» **The problem**
Because only the text is wanted, repeat the records below exactly and omit the pictures.

» **Entries provided**
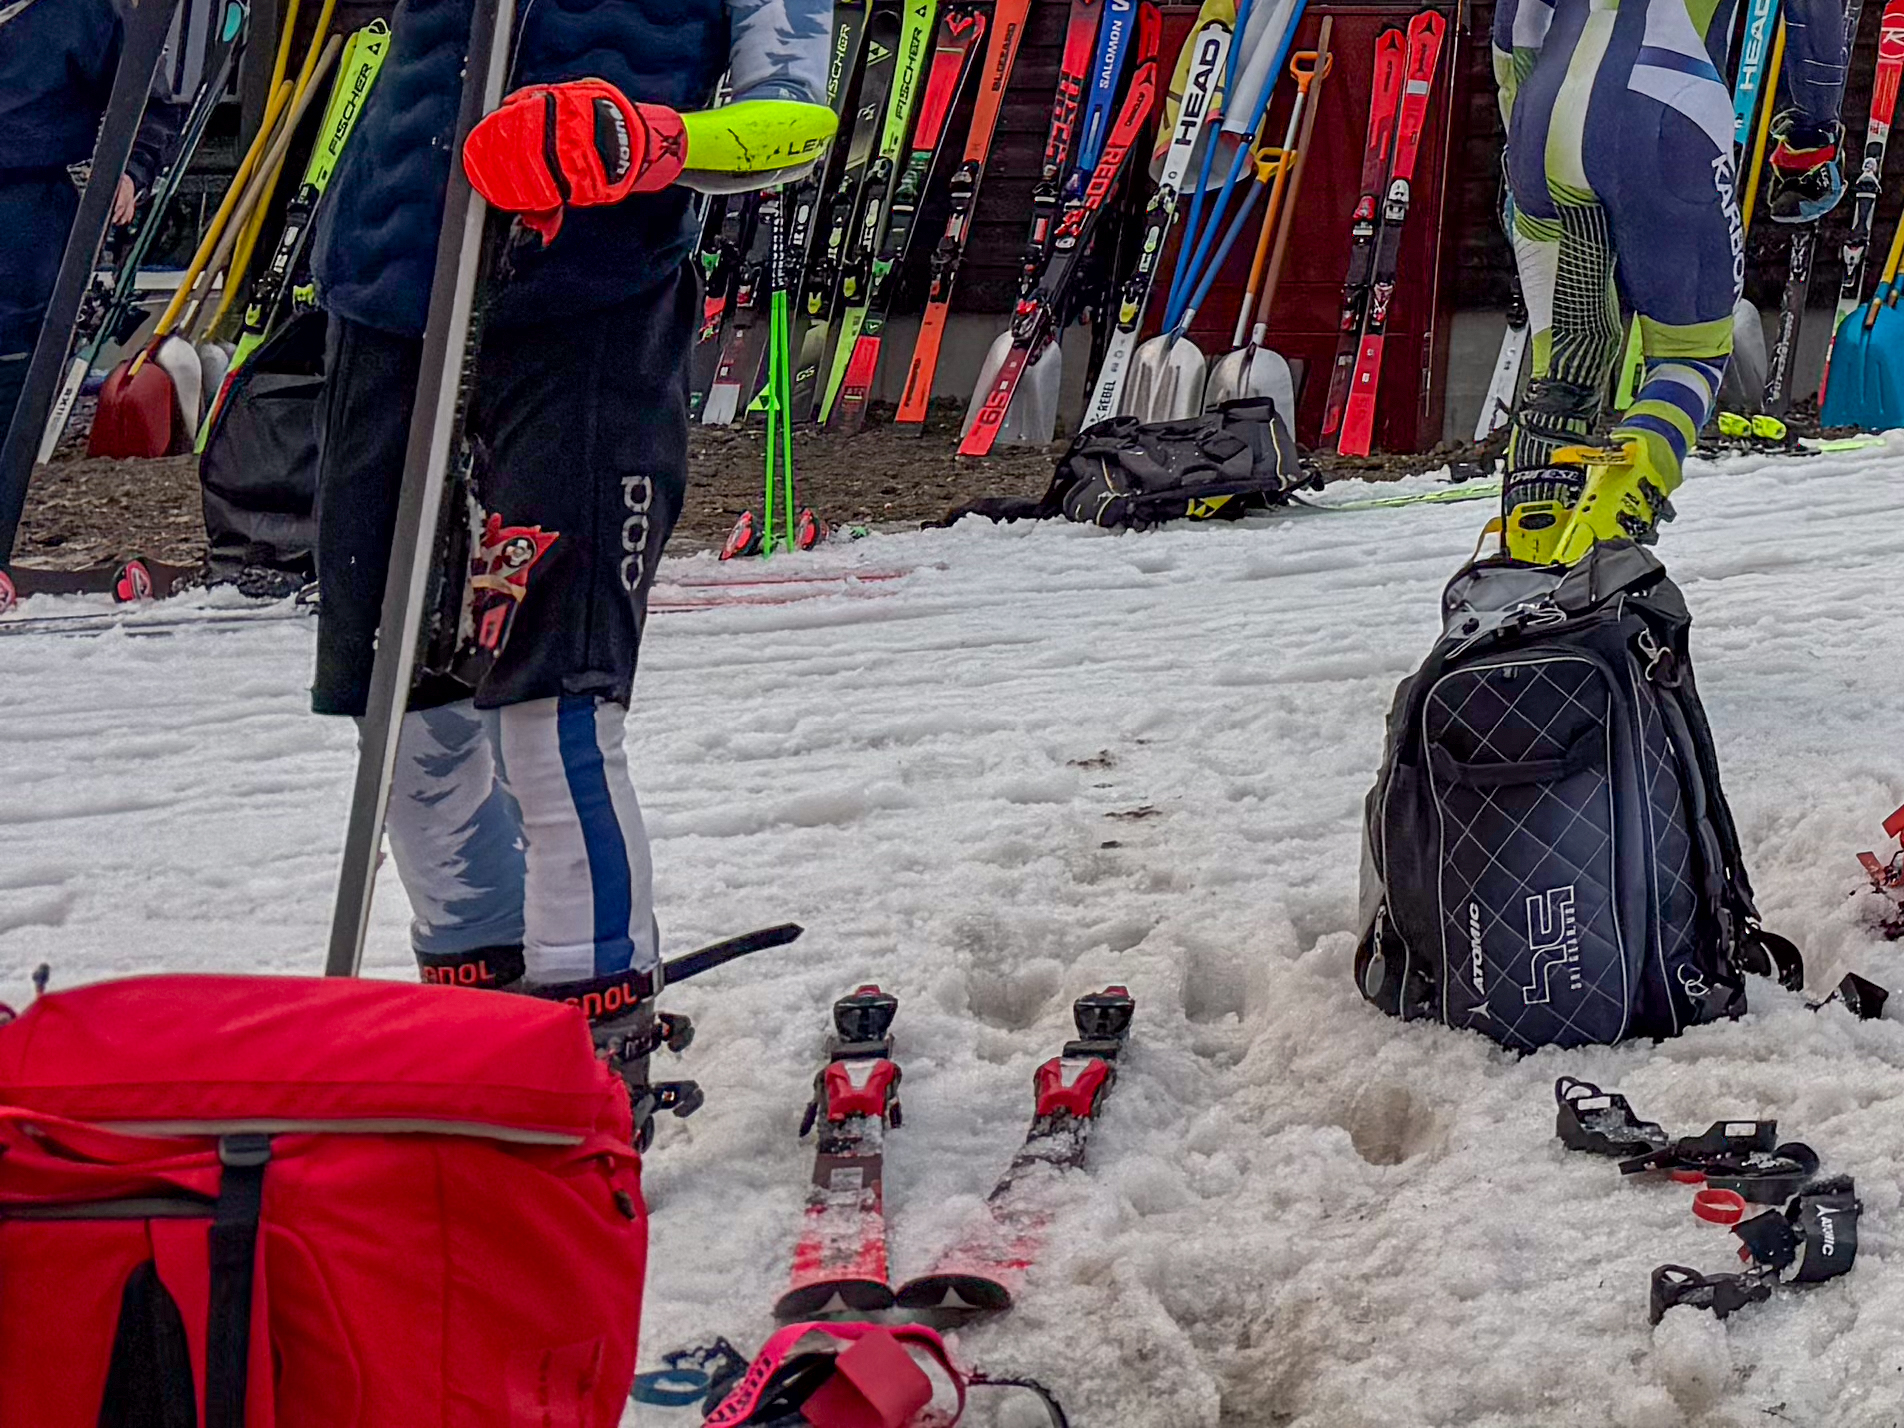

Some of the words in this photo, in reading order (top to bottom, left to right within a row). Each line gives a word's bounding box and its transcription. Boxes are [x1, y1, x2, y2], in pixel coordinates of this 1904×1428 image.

[827, 22, 851, 106] ISCHER
[894, 26, 923, 121] FISCHER
[1098, 19, 1124, 90] SALOMON
[1173, 38, 1221, 147] HEAD
[328, 62, 373, 156] FISCHER
[1469, 902, 1486, 996] ATOMIC

» **Expected output**
Some of the words in this photo, in reading order (top to bottom, left to right within a row). Each line gives a word's bounding box and its transcription. Boxes are [x1, y1, x2, y2], in pixel coordinates of this 1904×1428 image.

[827, 22, 851, 106] ISCHER
[894, 26, 923, 121] FISCHER
[1098, 19, 1124, 90] SALOMON
[1173, 38, 1221, 147] HEAD
[328, 62, 373, 156] FISCHER
[1469, 902, 1486, 996] ATOMIC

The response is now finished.